The geniuses at NASA accidentally build the lunar module a little too small for an adult in “Apollo 10½: A Space Age Childhood.” In Richard Linklater’s first foray into animation since “A Scanner Darkly,” a few fast-talking NASA men (Glen Powell and Zachary Levi) recruit an average local elementary school student, Stan, to test it out for them on a top secret mission to the Moon. It’s the kind of thing kids have been dreaming about for over 50 years.
Memory is a funny thing, of course, and no one fantasizes as freely as a kid. For this imaginative spirit living in the Houston area in the late 1960s near NASA at its heyday was like “being where science fiction was coming to life. The optimistic, technological future was now and we were at the absolute center of everything new and better,” he says.
Netflix presents a film directed by Richard Linklater. Rated PG-13 (some suggestive material, injury images and smoking). Running time: 98 minutes. Now streaming on Netflix.
It should be said that our narrator Stan (Milo Coy voices him as a kid, Jack Black as an adult) is a bit of a fabulist.

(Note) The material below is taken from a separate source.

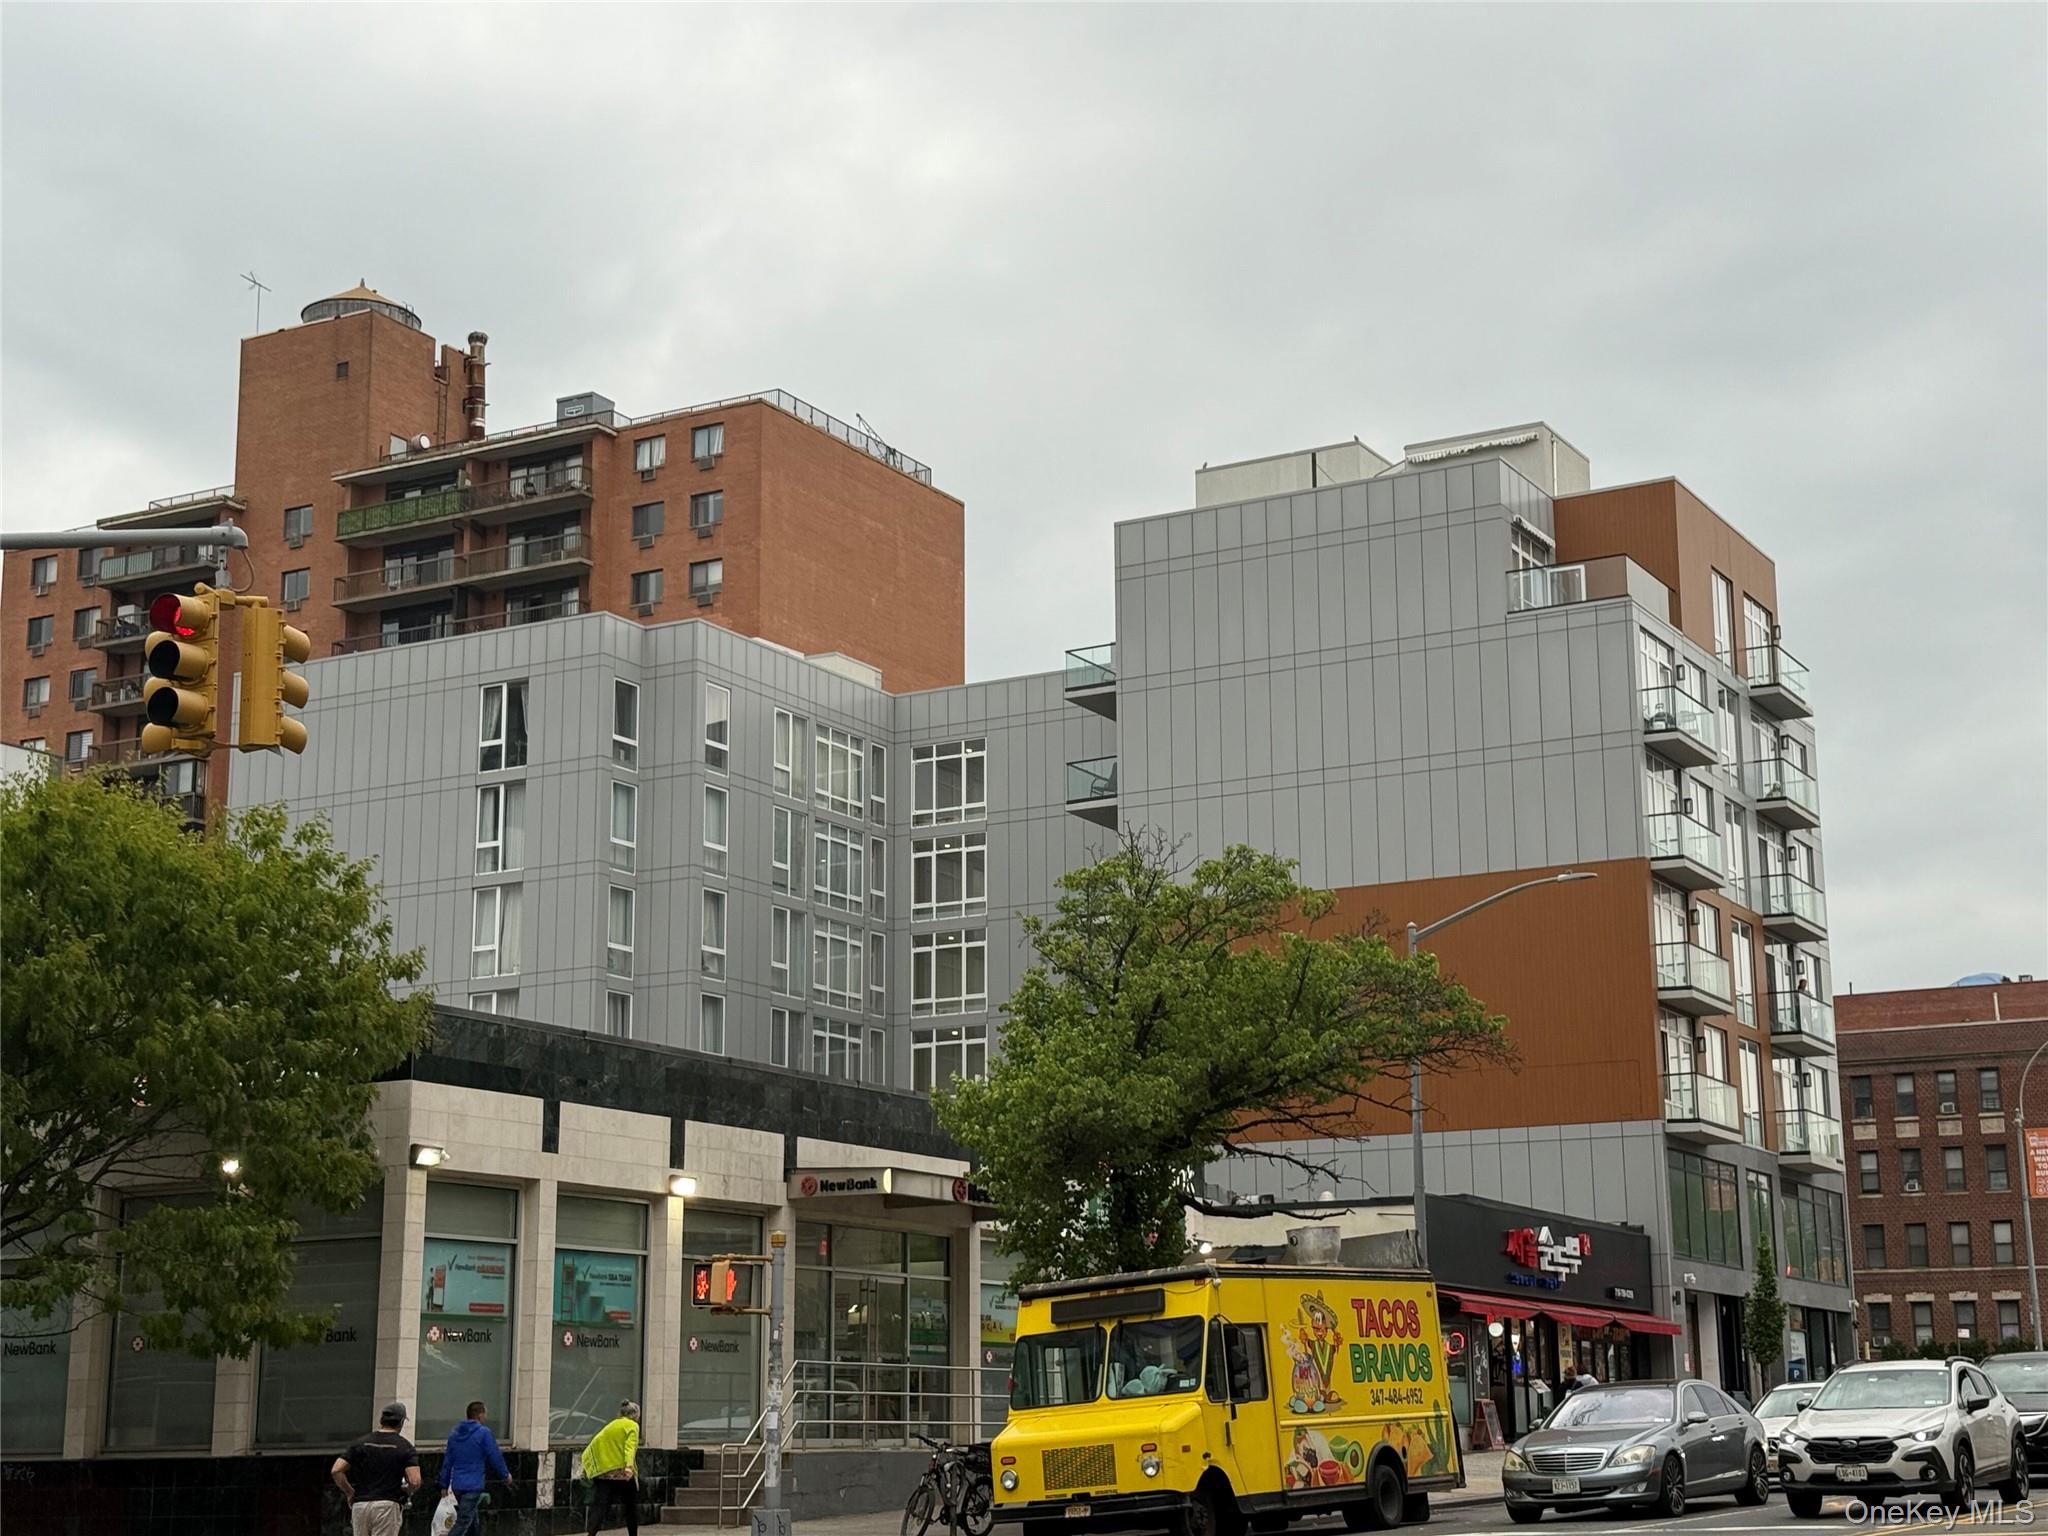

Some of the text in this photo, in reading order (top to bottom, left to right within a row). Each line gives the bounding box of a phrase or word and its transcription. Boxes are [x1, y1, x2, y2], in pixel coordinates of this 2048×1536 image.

Not that it matters, “Apollo 10½” is only sort of about Stan’s fantastical trip to the Moon before Neil Armstrong, Buzz Aldrin and Michael Collins took off in Apollo 11. It is a breezy nostalgia-fest, in rotoscope, about a very specific childhood in a very specific place with an adult narrator telling us the story of his childhood. His siblings teased him for not being in many family photos because, as he says, at that point his family had given up on documenting every move of their children.

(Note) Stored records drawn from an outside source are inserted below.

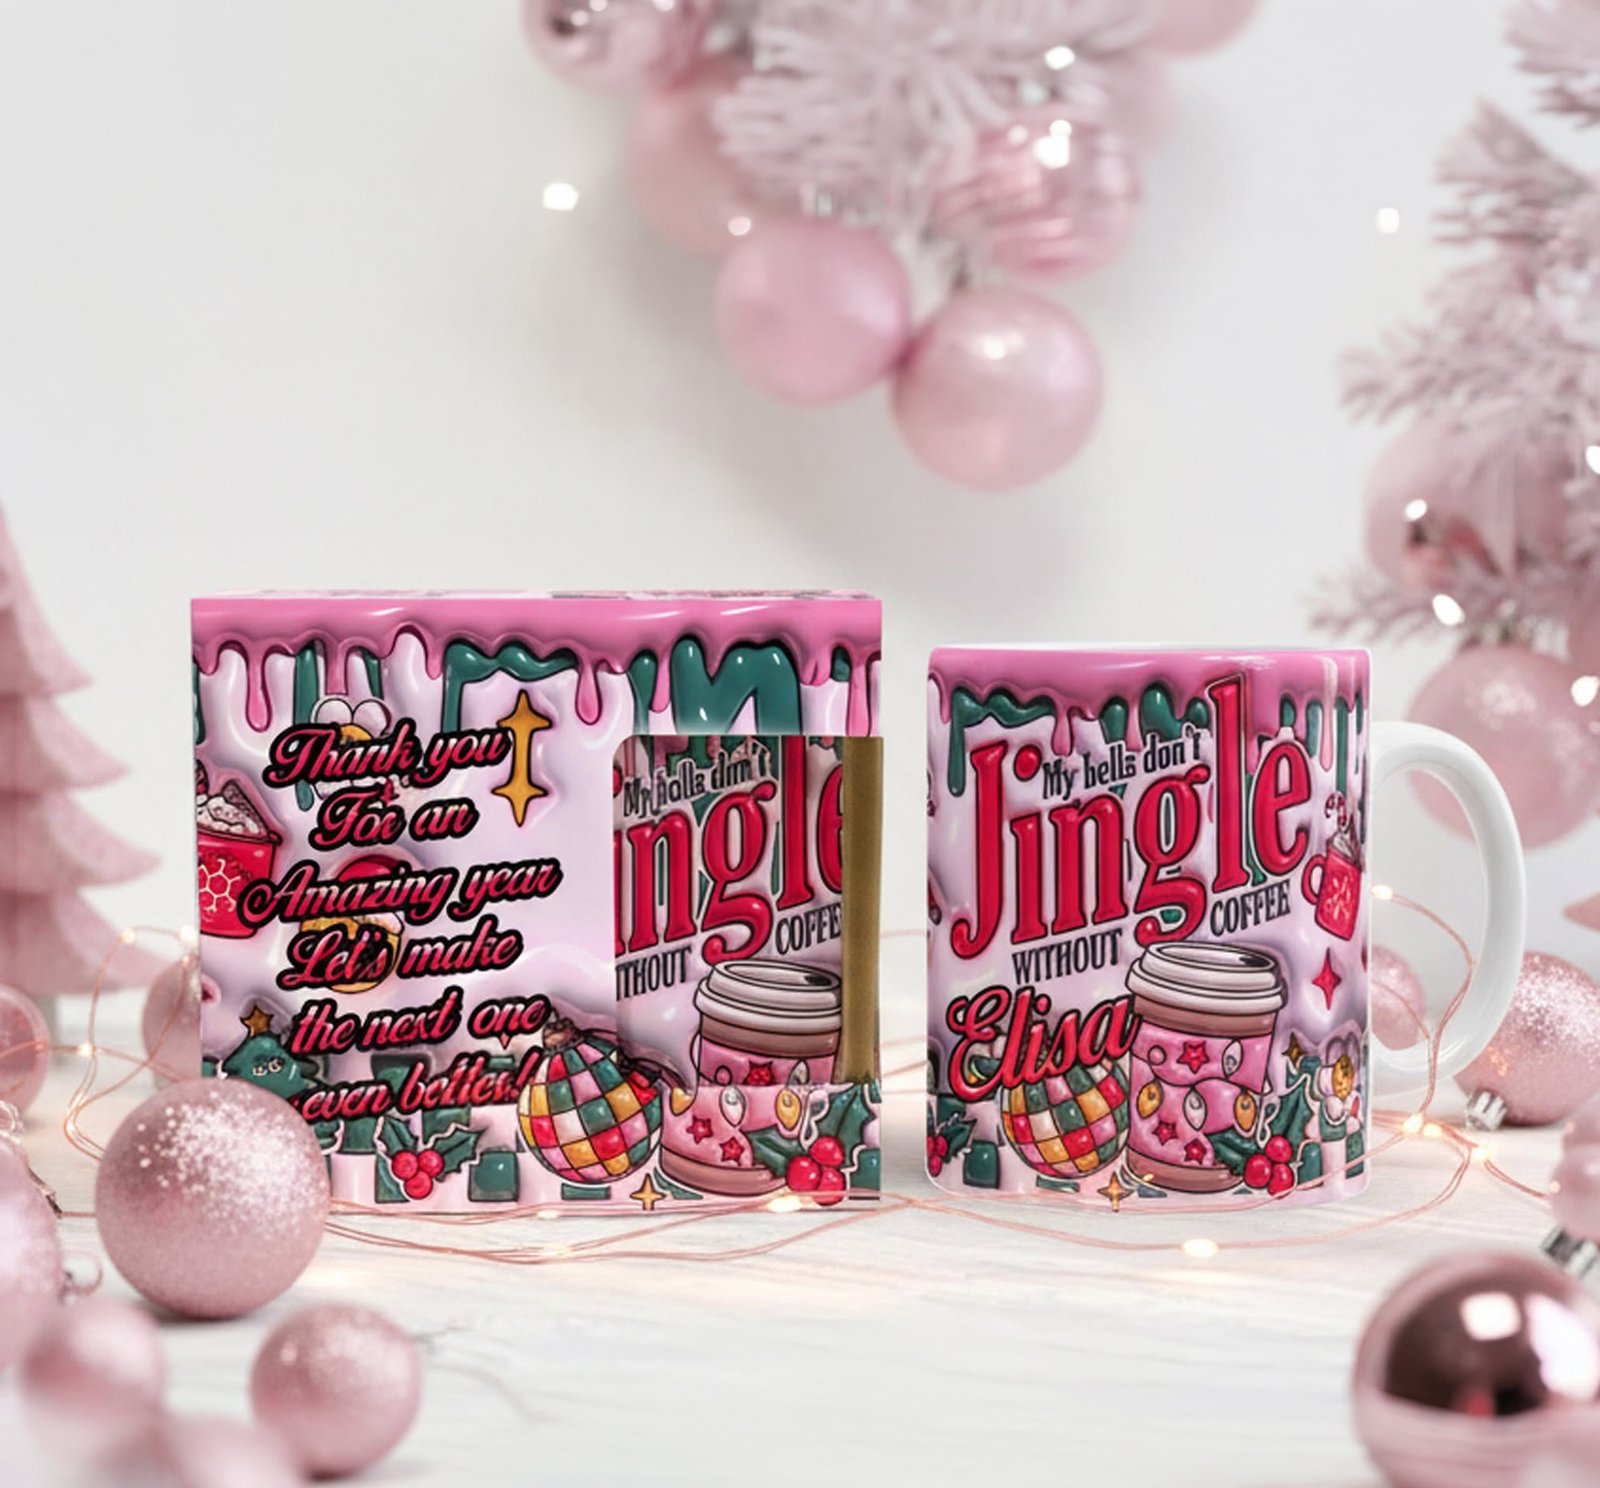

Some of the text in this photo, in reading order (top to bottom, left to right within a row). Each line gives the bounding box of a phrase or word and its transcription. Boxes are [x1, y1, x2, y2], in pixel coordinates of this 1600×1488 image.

[263, 719, 513, 788] Thank you
[1043, 759, 1077, 801] My
[1144, 725, 1202, 773] don't
[409, 797, 479, 842] an
[950, 674, 1311, 960] Jingle
[237, 858, 565, 930] Amazing year
[1012, 879, 1291, 985] WITHOUT COFFEE
[276, 914, 524, 992] Let's make
[615, 903, 842, 1002] ITHOUT COFFE
[289, 985, 550, 1056] the next one
[946, 984, 1142, 1099] Elisa
[298, 1081, 394, 1124] even

And it is not dissimilar to retrospective coming-of-age larks like “Stand by Me,” “Now and Then” and “The Wonder Years,” with its earnest, wry observations. Stan takes us through daily life as a 10-year-old in 1969 as the youngest of six children in a neighborhood where it seemed like everyone worked for NASA in some capacity, though he can’t help but wish that his dad had a position that took him to space, not an office.
Linklater is almost too good at making you wistful for times you were never part of. And even so, there is universality in Stan’s life in the sandwiches they would make on Sunday and unfreeze throughout the week for school lunches, the myriad ways his mother would use a ham for a weeks’ worth of dinners, or memories about seeing “The Sound of Music” multiple times a week for at least a few years straight.
Stan explains he was part of the last of the “duck-and-cover” generation, though hardly the last to fear that there would be no future at all.
There’s a paradox to living in a time that worships the future while also predicting the end. As if kids don’t have enough anxiety already.
And for Stan this is manifested in a strange reality where the space race seemed to permeate the most mundane aspects of daily life, from the wire rockets on their playgrounds and the desperation to give everything — even advertisements in the newspaper — a connection to the astronauts.
There may be a little bit of projection going on in regards to Stan’s immediate appreciation of “2001: A Space Odyssey.” He’s either the coolest 10-year-old film scholar out there or this is also a riff on our fallible memories. Who’s to say Stan (and Linklater) didn’t really get the famous white room? There’s also the unshakable feeling that we’ve seen this all before. We kind of have: 1969 is not exactly an undocumented time, especially for a middle class white family and this doesn’t push many boundaries.
And yet as with most Linklater joints, it’s so sincere and so sweetly true that you can’t really fault it for not reinventing the wheel. Just like a story that your parents have told or maybe you’ve told a million times before, it’s comforting. So put that ham casserole on the stove, pull up a chair and enjoy hearing one more time about how someone who grew up with a black-and-white television set never knew Oz was in color.